このままではニヤニヤしている不審者にも見られかねないので、とりあえず感情を拒絶しておいた。
目を閉じて、首の骨を二、三度鳴らす。
「ん……」
その瞬間に、違和感を感じた。
目を開く前に後ろに跳びのく。目を開くのと、岩が地面に減り込むのは同時だった。
弾けとんでくる小さな石から身を守りながら、周りを見る。
おかしい。何故、僕はまだ山の中にいる?
「ふんっ!」
即座に感情を操作、自らの心を平常心に引っ張り込む。
直撃する寸前だった頭上の岩は消え、風景が掻き消えていく。
ただの森に戻ったそこには、
「誰だ、お前」
「私の幻術から逃れるとは、なかなかにやるみたいだな」
輝かしいまでの九本の尾を持つ、一人の女性が立っていた。
しかし、今幻術と言ったか。どうやら僕は化かされたみたいだな。
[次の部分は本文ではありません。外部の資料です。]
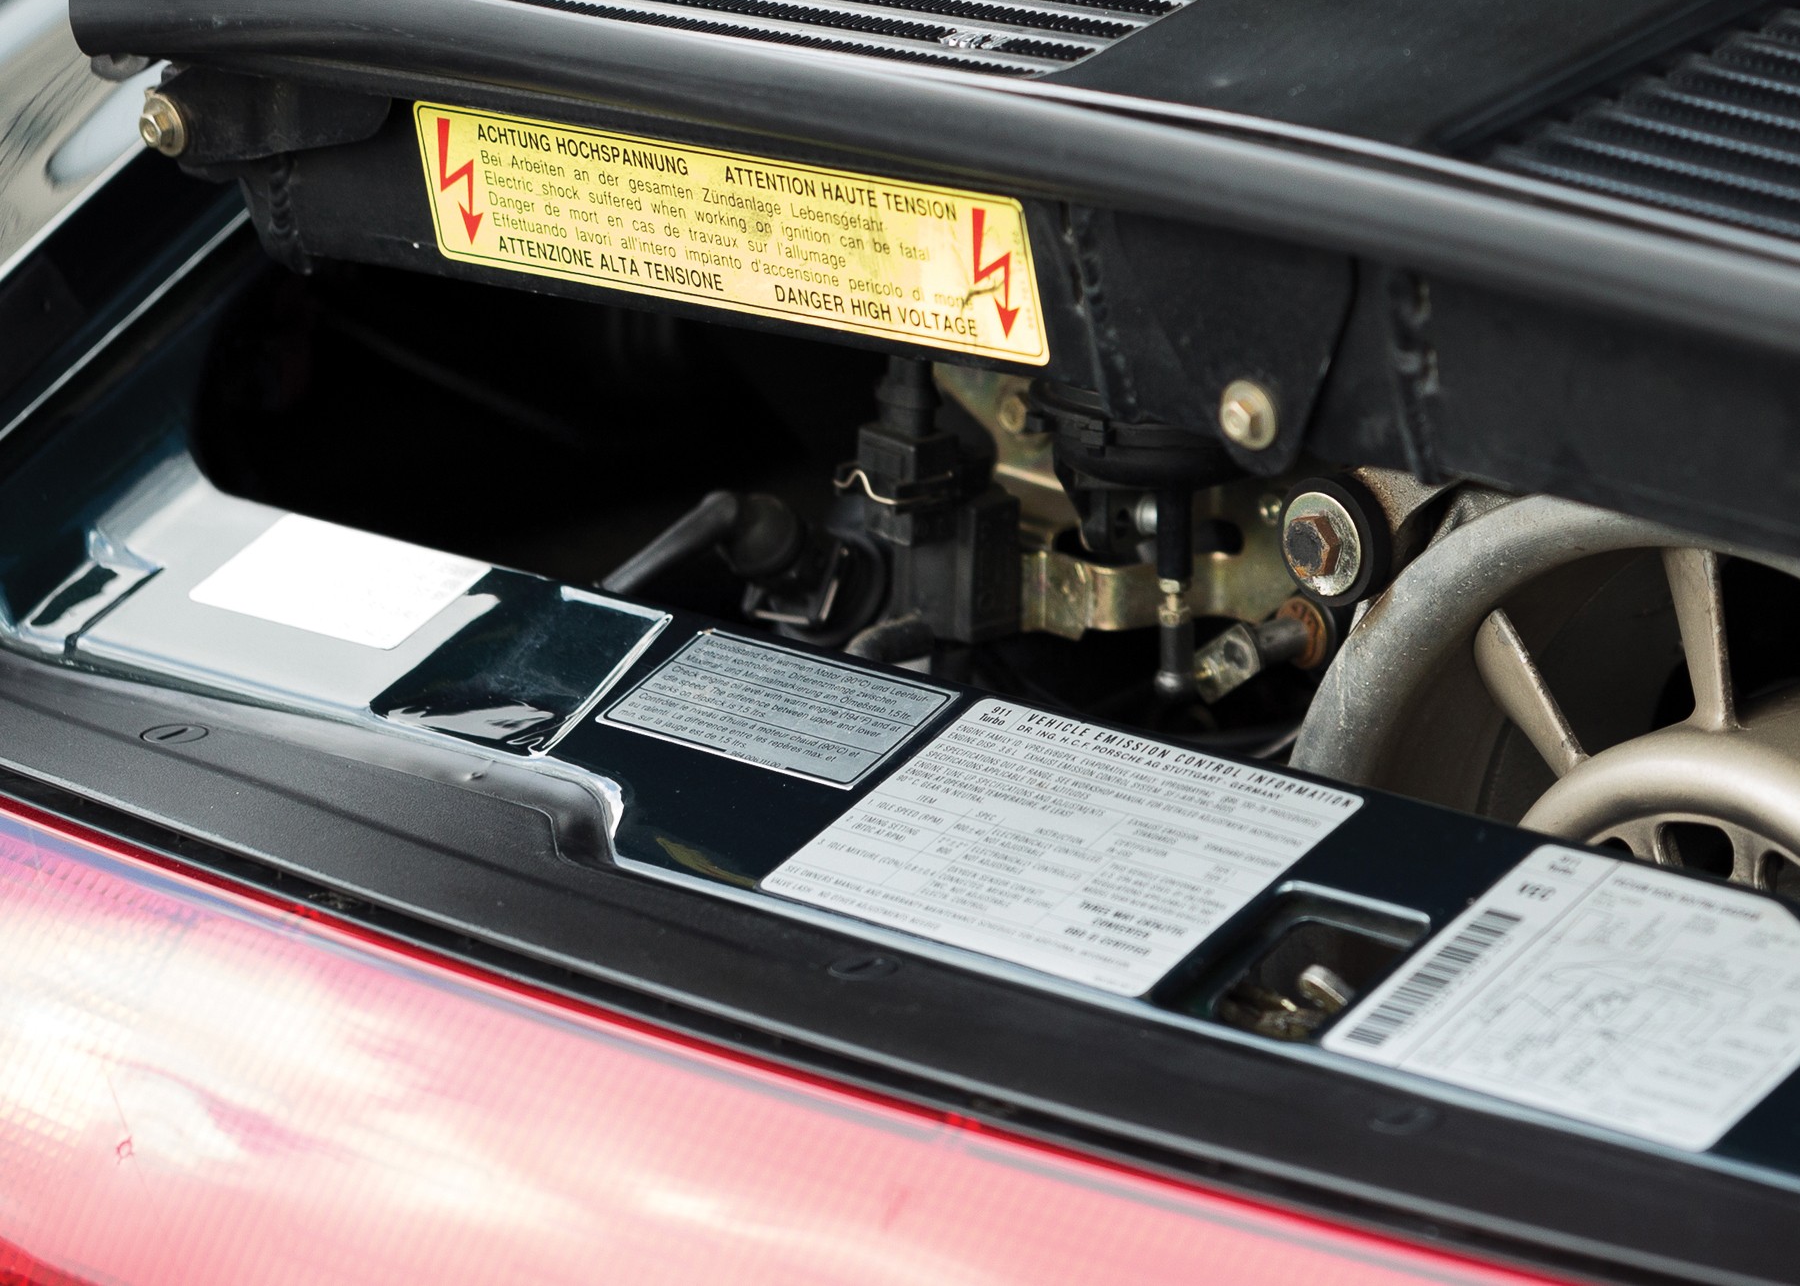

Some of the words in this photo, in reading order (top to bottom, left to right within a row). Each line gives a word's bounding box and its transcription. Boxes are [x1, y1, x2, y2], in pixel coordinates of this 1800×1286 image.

[477, 123, 552, 152] ACHTUNG
[555, 136, 688, 176] HOCHSPANNUNG
[725, 165, 816, 198] ATTENTION
[820, 181, 878, 209] HAUTE
[882, 192, 957, 221] TENSION
[480, 149, 502, 167] Bei
[511, 154, 565, 177] Arbeiten
[573, 168, 590, 182] an
[598, 170, 619, 186] der
[628, 178, 693, 200] gesamten
[701, 187, 781, 218] Zündanlage
[790, 202, 883, 233] Lebensgefahr
[484, 169, 533, 193] Electric
[541, 181, 580, 200] shock
[588, 190, 642, 211] suffered
[650, 200, 686, 219] when
[694, 210, 747, 234] working
[755, 220, 772, 234] on
[780, 221, 831, 244] ignition
[839, 235, 864, 250] can
[871, 237, 890, 255] be
[899, 242, 929, 260] fatal
[488, 190, 535, 215] Danger
[544, 201, 560, 217] de
[569, 208, 599, 224] mort
[607, 215, 623, 228] en
[631, 219, 655, 234] cas
[663, 222, 680, 239] de
[688, 227, 738, 248] travaux
[747, 239, 768, 253] sur
[776, 241, 846, 270] l'allumage
[492, 211, 567, 239] Effettuando
[575, 226, 612, 246] lavori
[620, 235, 676, 258] all'intero
[684, 249, 742, 270] impianto
[750, 258, 839, 287] d'accensione
[848, 278, 903, 298] pericolo
[499, 235, 594, 268] ATTENZIONE
[600, 253, 640, 277] ALTA
[643, 260, 724, 292] TENSIONE
[774, 284, 845, 313] DANGER
[850, 298, 892, 322] HIGH
[897, 306, 978, 338] VOLTAGE
[651, 682, 679, 693] marks
[723, 666, 744, 675] und
[741, 670, 823, 698] Minimalmarkierung
[822, 693, 838, 701] am
[760, 653, 777, 662] bei
[776, 658, 814, 672] warmem
[813, 668, 841, 679] Motor
[840, 675, 872, 689] (90°C)
[870, 684, 891, 692] und
[787, 671, 856, 695] Differenzmenge
[855, 691, 897, 706] zwischen
[671, 665, 699, 678] Check
[699, 674, 730, 686] engine
[741, 685, 765, 695] level
[763, 692, 783, 701] with
[783, 697, 808, 708] warm
[808, 704, 839, 716] engine
[871, 721, 891, 729] and
[710, 686, 726, 696] The
[726, 692, 771, 708] difference
[770, 703, 809, 718] between
[809, 715, 837, 726] upper
[836, 722, 857, 731] and
[854, 726, 881, 737] lower
[978, 712, 1005, 726] Turbo
[991, 706, 1012, 717] 911
[660, 721, 688, 732] jauge
[688, 728, 704, 736] est
[703, 732, 717, 740] de
[689, 707, 719, 719] niveau
[756, 726, 790, 738] moteur
[789, 735, 820, 747] chaud
[817, 742, 849, 755] (90°C)
[728, 729, 753, 739] entre
[753, 734, 768, 743] les
[802, 749, 823, 759] max.
[955, 724, 986, 737] ENGINE
[984, 731, 1011, 744] FAMILY
[925, 750, 984, 770] SPECIFICATIONS
[981, 765, 1026, 782] APPLICABLE
[1025, 777, 1038, 785] TO
[1035, 780, 1050, 789] ALL
[1050, 784, 1091, 800] ALTITUDES
[942, 745, 1001, 765] SPECIFICATIONS
[999, 760, 1017, 770] OUT
[1015, 764, 1027, 772] OF
[947, 731, 977, 744] ENGINE
[1023, 752, 1059, 766] EXHAUST
[1056, 761, 1094, 777] EMISSION
[1095, 772, 1130, 787] CONTROL
[1016, 724, 1033, 733] DR.
[1035, 729, 1056, 740] ING.
[1091, 744, 1142, 763] PORSCHE
[1143, 760, 1161, 768] AG
[1161, 764, 1221, 783] STUTTGART
[1229, 783, 1280, 799] GERMANY
[1027, 713, 1090, 737] VEHICLE
[1093, 731, 1171, 758] EMISSION
[1174, 753, 1241, 777] CONTROL
[1247, 772, 1351, 807] INFORMATION
[876, 801, 895, 811] IDLE
[893, 805, 920, 817] SPEED
[905, 767, 935, 780] ENGINE
[943, 778, 985, 793] OPERATING
[1049, 807, 1074, 816] LEAST
[913, 760, 944, 773] ENGINE
[942, 767, 977, 781] TUNE-UP
[975, 777, 1035, 798] SPECIFICATIONS
[1033, 793, 1051, 802] AND
[1050, 798, 1104, 816] ADJUSTMENTS
[916, 795, 937, 804] ITEM
[920, 781, 942, 790] GEAR
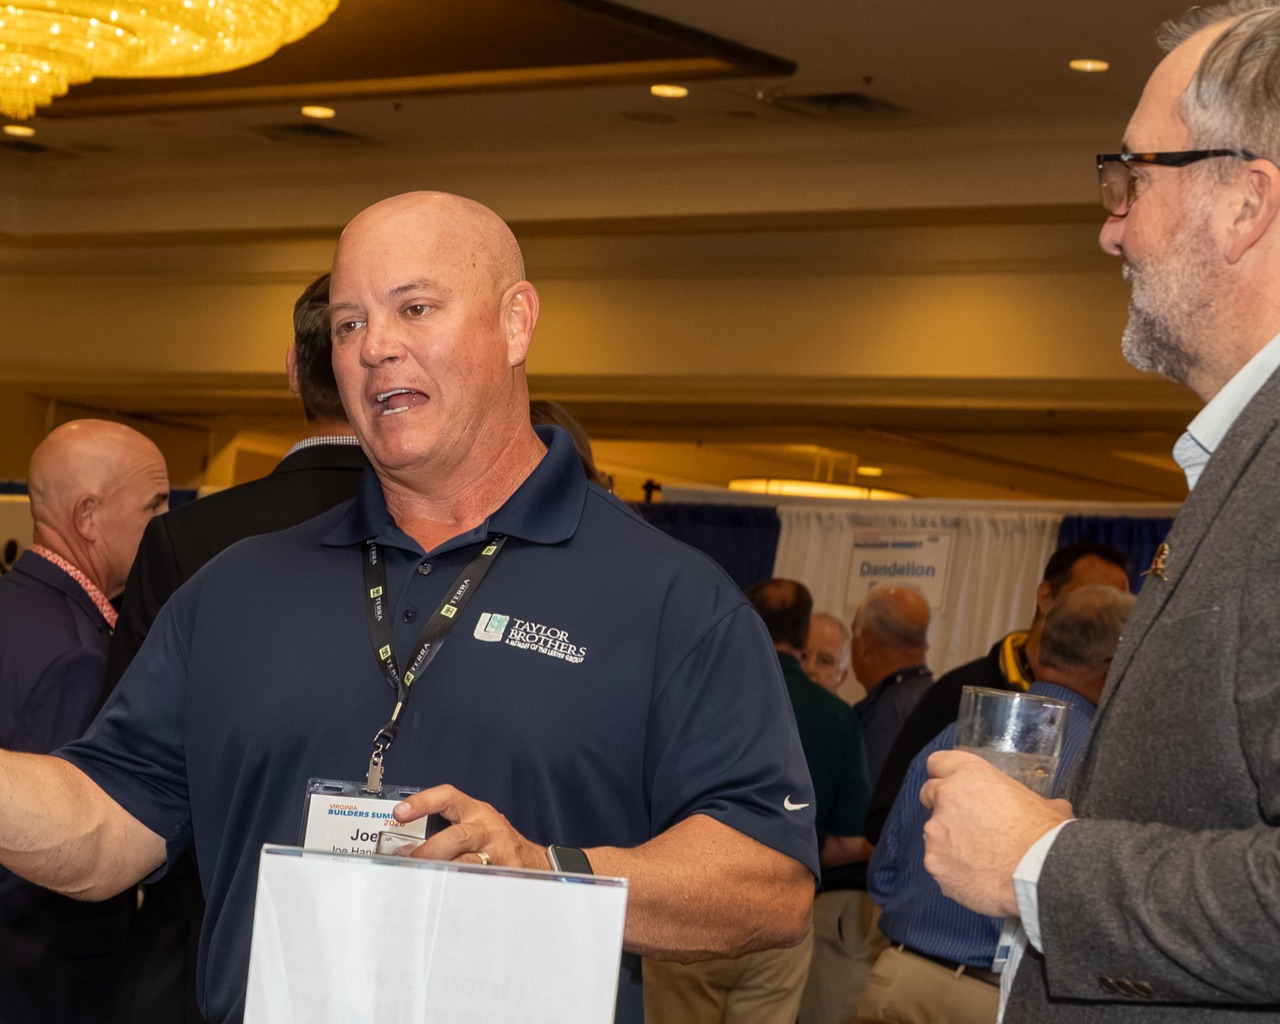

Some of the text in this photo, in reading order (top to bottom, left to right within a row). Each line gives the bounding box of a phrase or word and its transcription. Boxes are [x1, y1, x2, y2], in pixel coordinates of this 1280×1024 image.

[859, 560, 936, 578] Dandelion
[449, 579, 470, 605] TERRA
[375, 597, 383, 621] TERRA
[513, 618, 570, 643] TAYLOR
[508, 629, 587, 657] BROTHERS
[411, 643, 430, 672] TERRA
[387, 658, 400, 682] TERR
[328, 809, 370, 818] BUILDERS
[329, 803, 358, 811] VIRGINIA
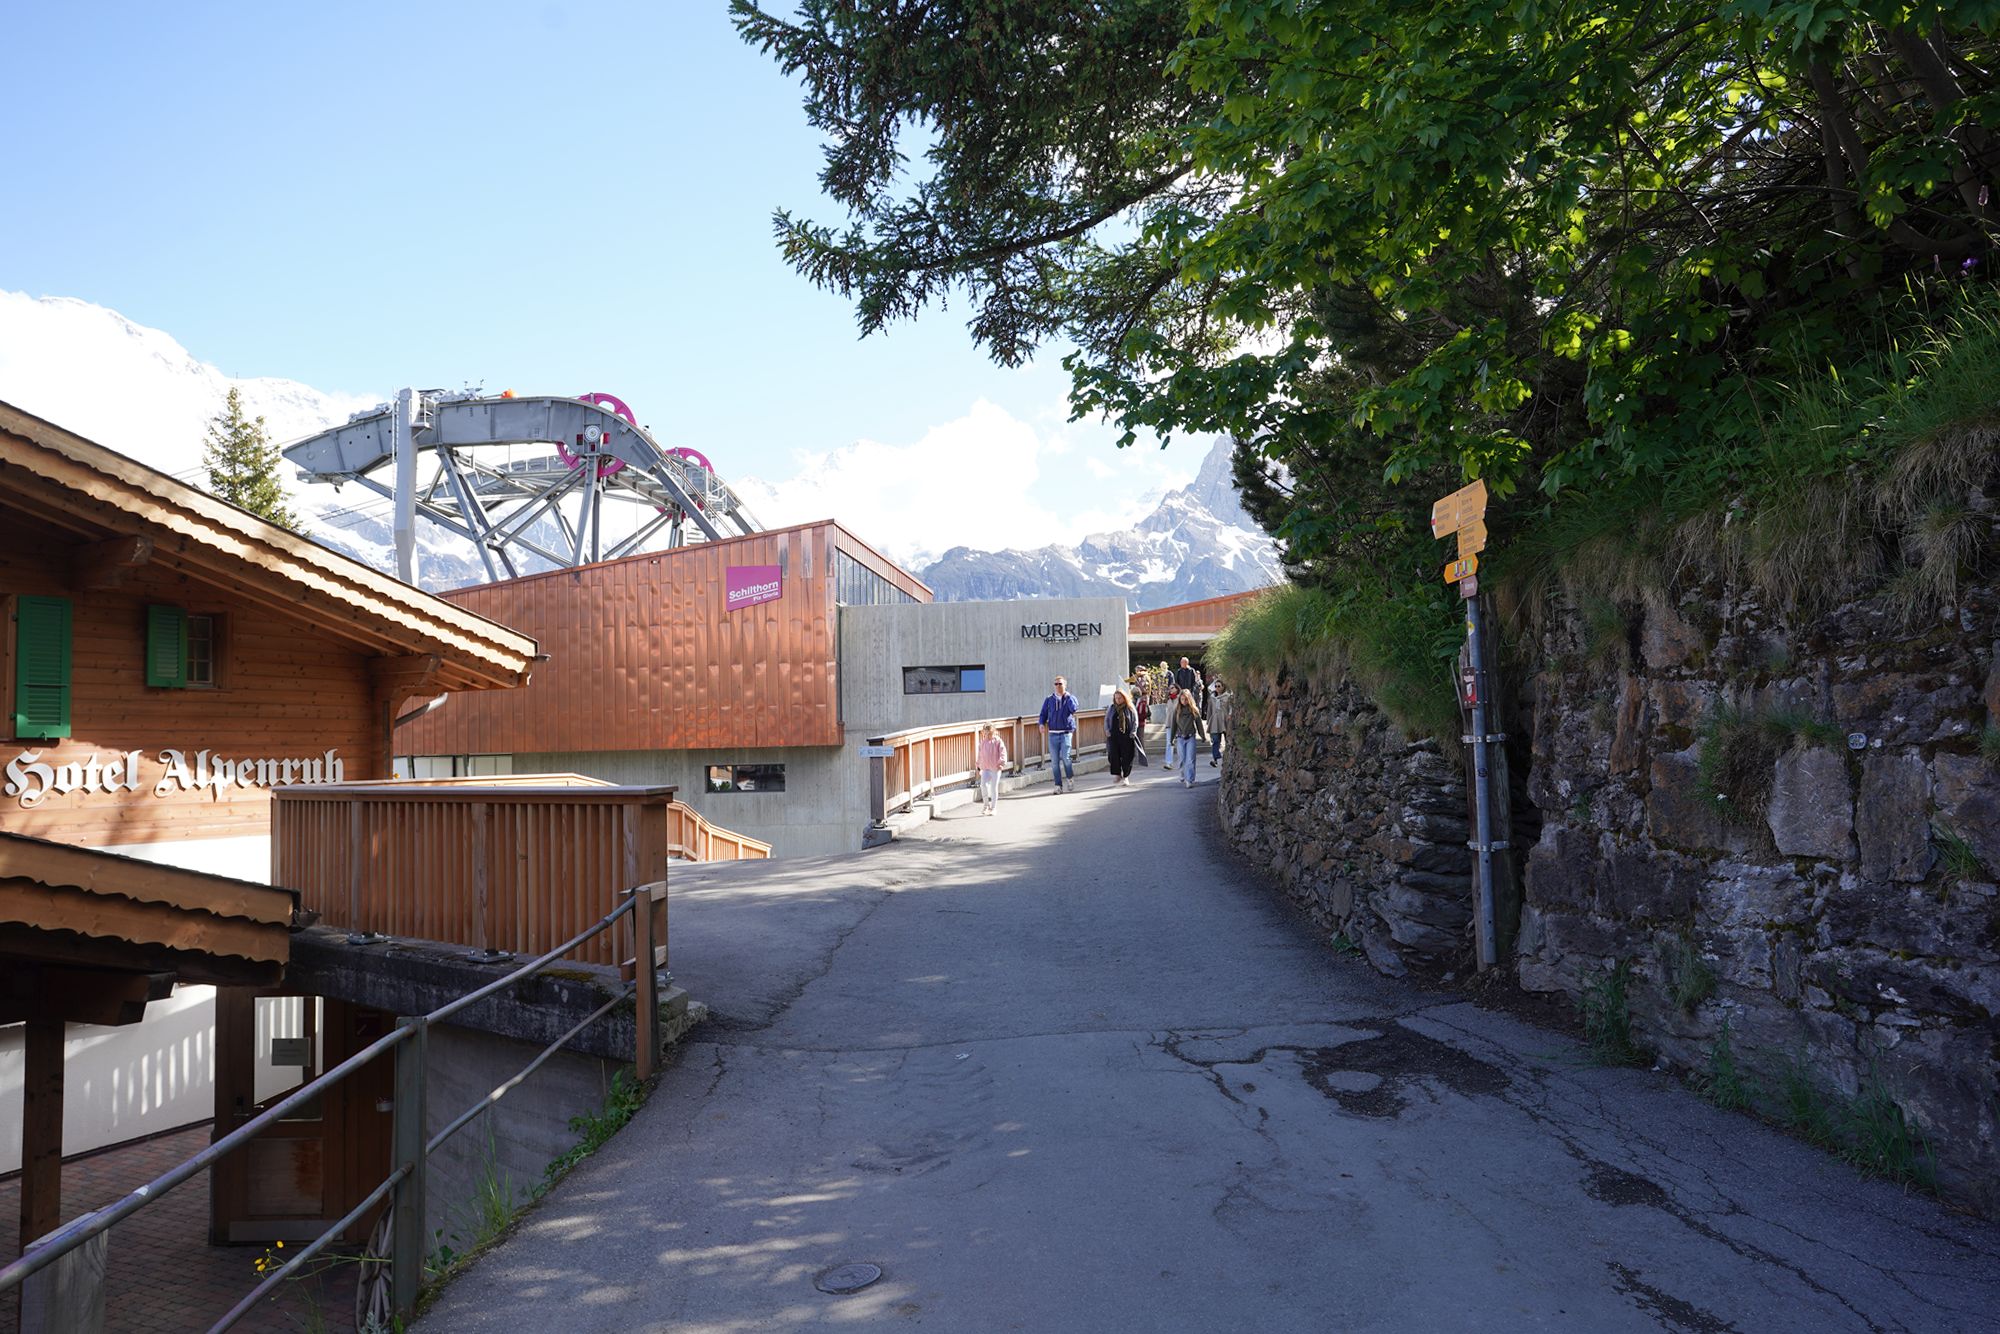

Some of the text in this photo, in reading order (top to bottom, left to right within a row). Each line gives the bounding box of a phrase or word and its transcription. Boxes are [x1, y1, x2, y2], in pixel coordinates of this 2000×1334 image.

すぐに気付いたから良かったものの、あのまま気付かなかったら延々と降り注ぐ岩と戦い続けるところだった。
「九本の尾……。狐か?」
「そういうお前は猫だろう?なかなかに強力な妖気だが、私に抗うには少し弱い」
「……まぁ、確かに」
コイツの妖気を感じた瞬間に、僕は無意識に妖力を出していた。リボンは解いていないために、本来の半分も出ていればいいところ。ていうか、なんだか封印が強くなってないか、これ。半分どころか二割ぐらいしか出せないんだけど。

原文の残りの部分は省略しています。